Rule 4 of the GAA's official guide reads:
"The Association shall actively support the Irish language, traditional Irish dancing, music, song, and other aspects of Irish culture. It shall foster an awareness and love of the national ideals in the people of Ireland, and assist in promoting a community spirit through its clubs."

The group was formally founded by Derry Gowen and Anthony Williamson in Fermoy, in 1969, and is promoted through various GAA clubs throughout Ireland (as well as some clubs outside Ireland). Their events are broadcast on TG4.

== Structure ==

Scór is a GAA competition that combines all the colour and rivalry of Gaelic Games with the social/fun element of Ireland's traditional past-times.

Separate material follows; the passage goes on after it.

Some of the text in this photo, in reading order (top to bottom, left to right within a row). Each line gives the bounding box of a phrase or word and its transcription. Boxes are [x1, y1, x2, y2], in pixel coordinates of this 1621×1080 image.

The competition was established by the GAA in 1969 with the aim of promoting Ireland's traditional pastimes and culture while offering club members the chance to meet up, have fun and represent their club during the winter months while Football and Hurling had ceased.

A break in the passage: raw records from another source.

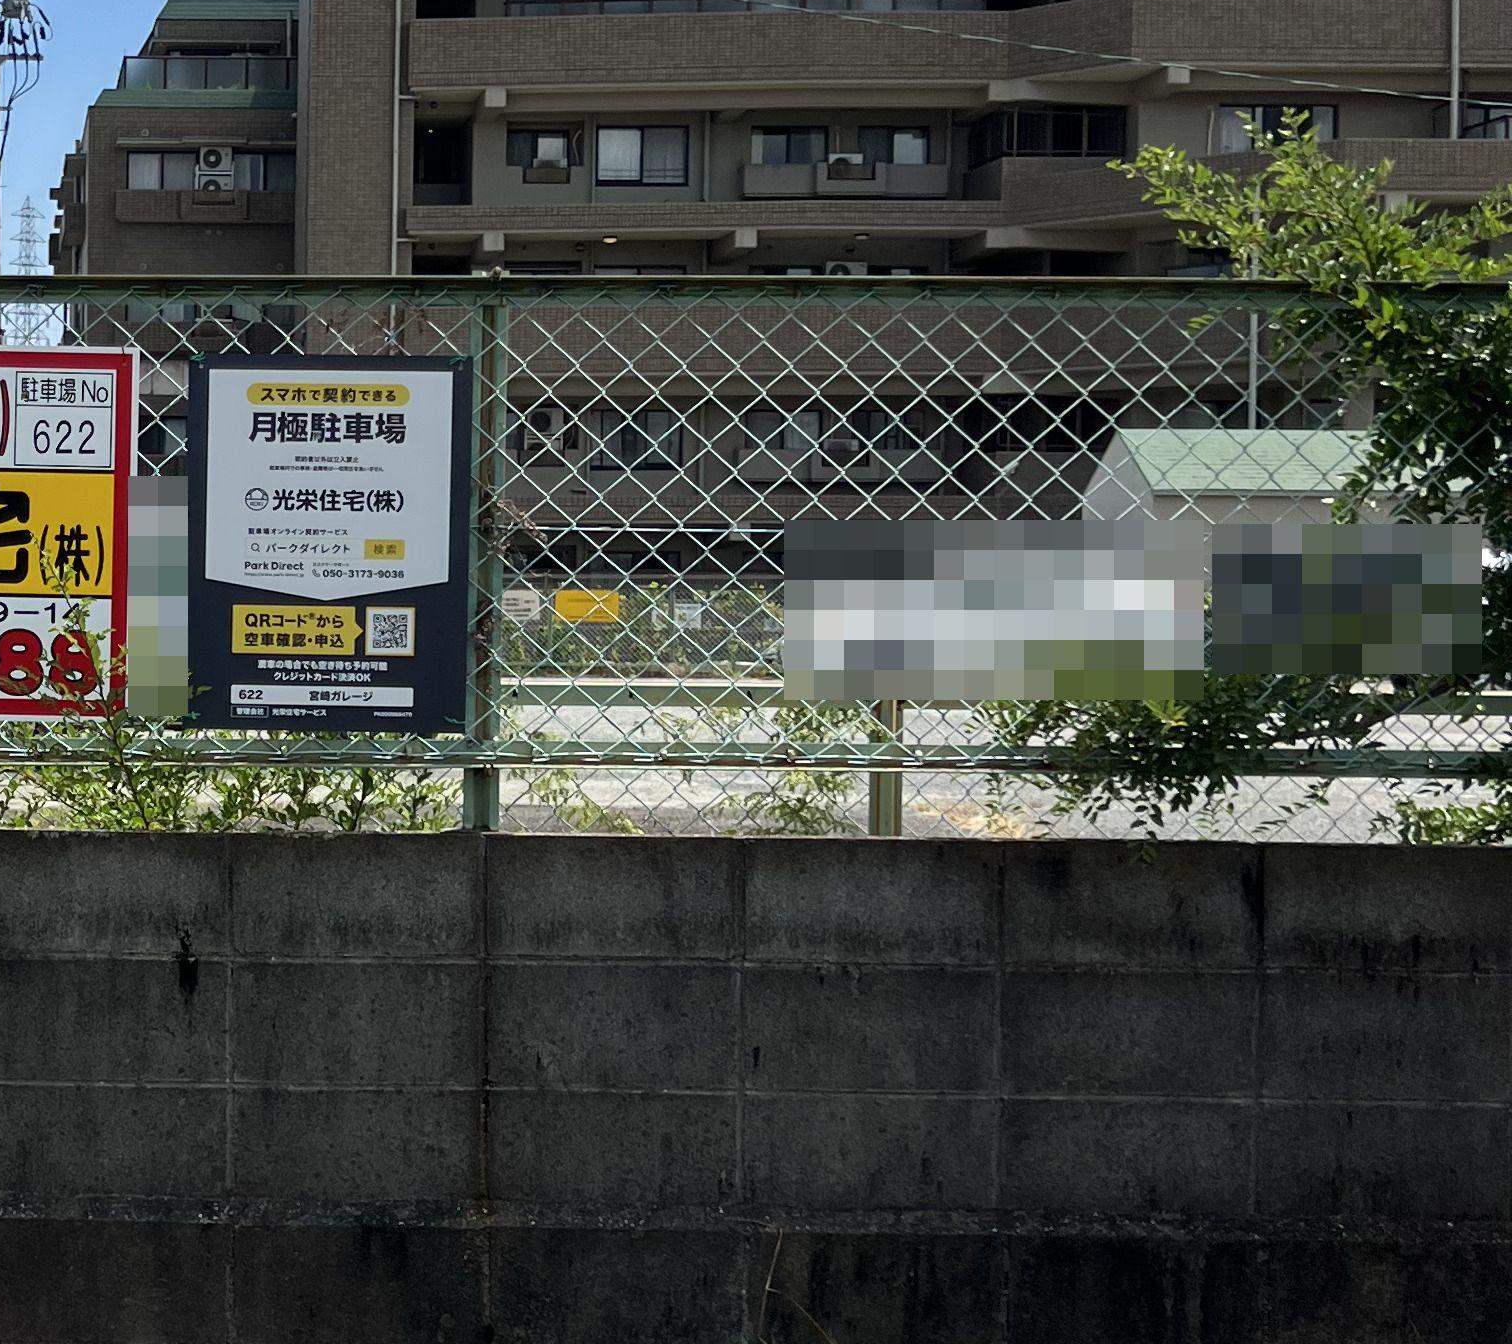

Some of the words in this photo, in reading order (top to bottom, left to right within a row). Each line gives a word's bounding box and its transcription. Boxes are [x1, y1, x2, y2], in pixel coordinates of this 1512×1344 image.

[260, 387, 396, 403] スマホで契約できる
[249, 412, 407, 444] 月極駐車場
[33, 419, 96, 454] 622
[272, 488, 405, 513] 光栄住宅(株)
[266, 542, 351, 554] パークダイレクト
[244, 561, 269, 570] Park
[271, 562, 304, 571] Direct
[244, 633, 345, 647] 空車確認・申込
[238, 689, 264, 700] 622
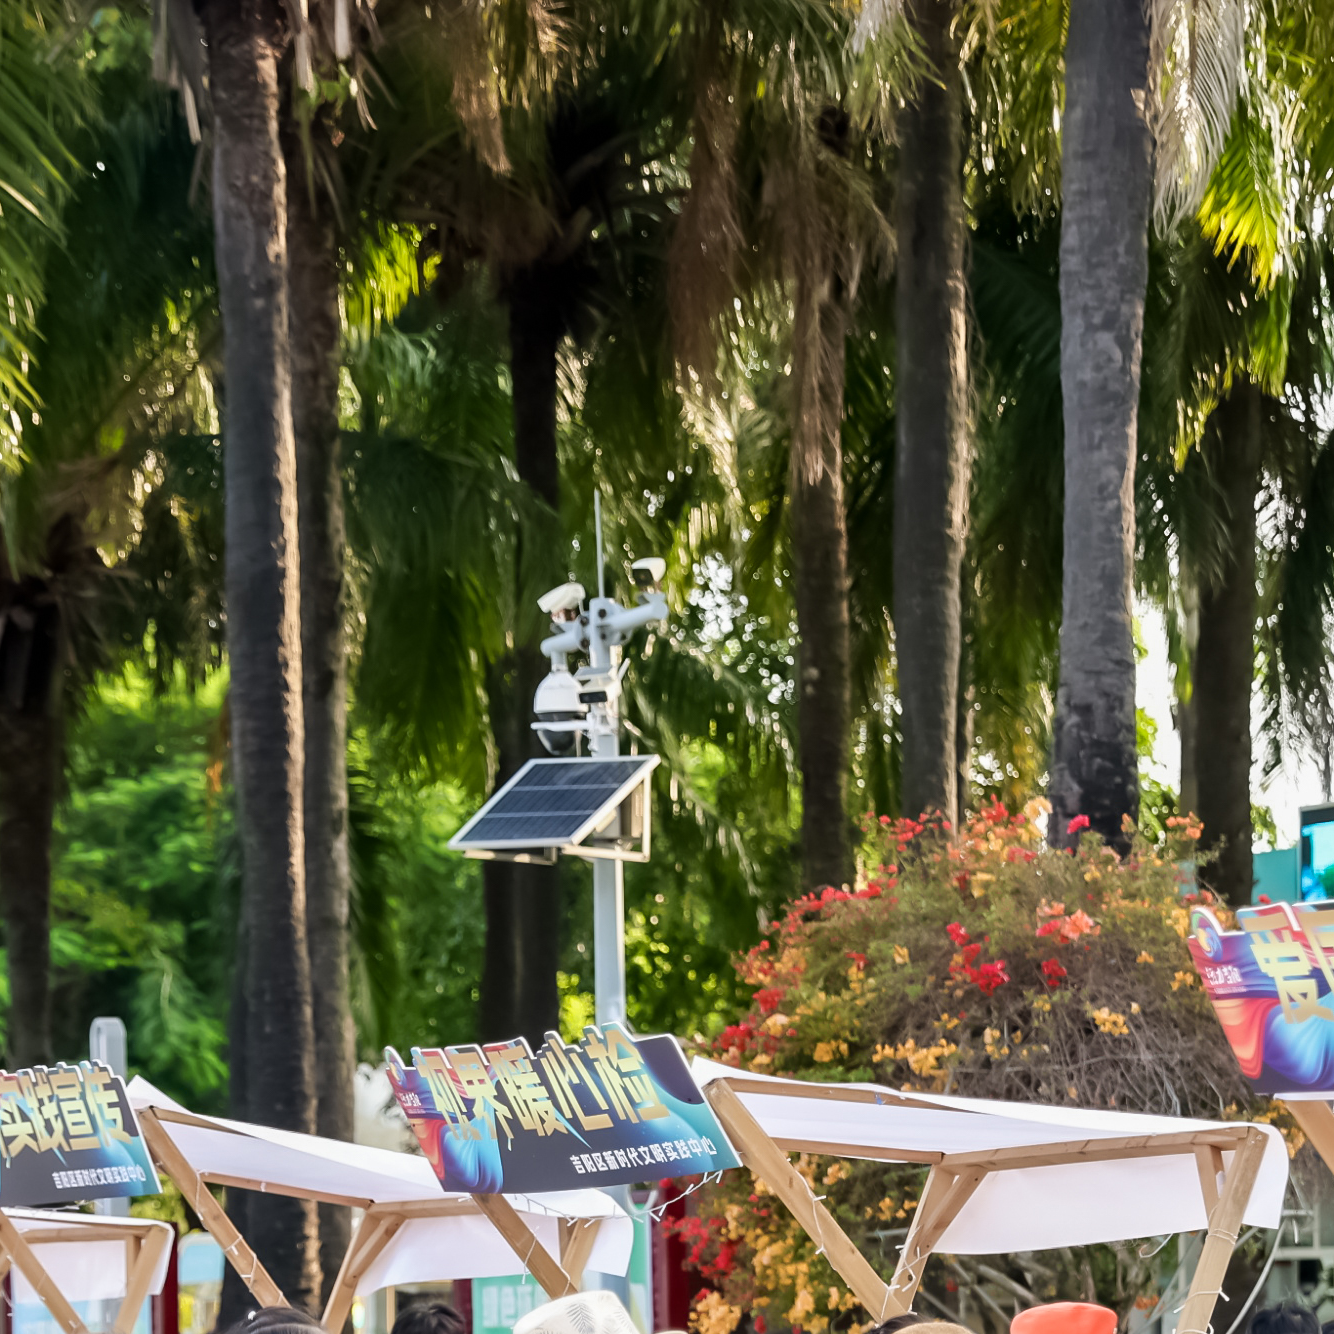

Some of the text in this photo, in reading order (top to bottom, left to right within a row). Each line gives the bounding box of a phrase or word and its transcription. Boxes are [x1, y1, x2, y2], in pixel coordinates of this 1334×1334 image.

[569, 1136, 717, 1175] 吉阳区新时代文明实践中心

There are eight events/disciplines in Scór that cover all aspects of Irish culture:

1. Rince Fóirne (Céilí Dancing)
2. Amhránaíocht Aonair (Solo Singing)
3. Ceol Uirlise (Instrumental Music)
4. Aithriseoirecht/Scealaíocht (Recitation/Storytelling)
5. Bailéad Ghrúpa (Ballad Group)
6. Nuachleas (Novelty Act)
7. Rince Seit (Set Dancing)
8. Tráth na gCeisteanna (Question Time)

The competition is divided into two age levels, Scór na nÓg, for young people under 17 and Scór Sinsir, for those over 17, while some counties host Scór na bPáistí for primary/national school children.

Just like the All-Ireland Football and Hurling Championships, clubs taking part in Scór first run off competitions among the club’s own members with the winners going forward to Divisional/District Board stage where deemed necessary, and then on to the County Final. The winners go on to the Provincial final and finally on to the All-Ireland Final.

The All Ireland Scór champions are presented with their medals by the President of the GAA. Winners are All-Ireland champions in their own right in the same way as All-Ireland Senior Football or Hurling Final winners.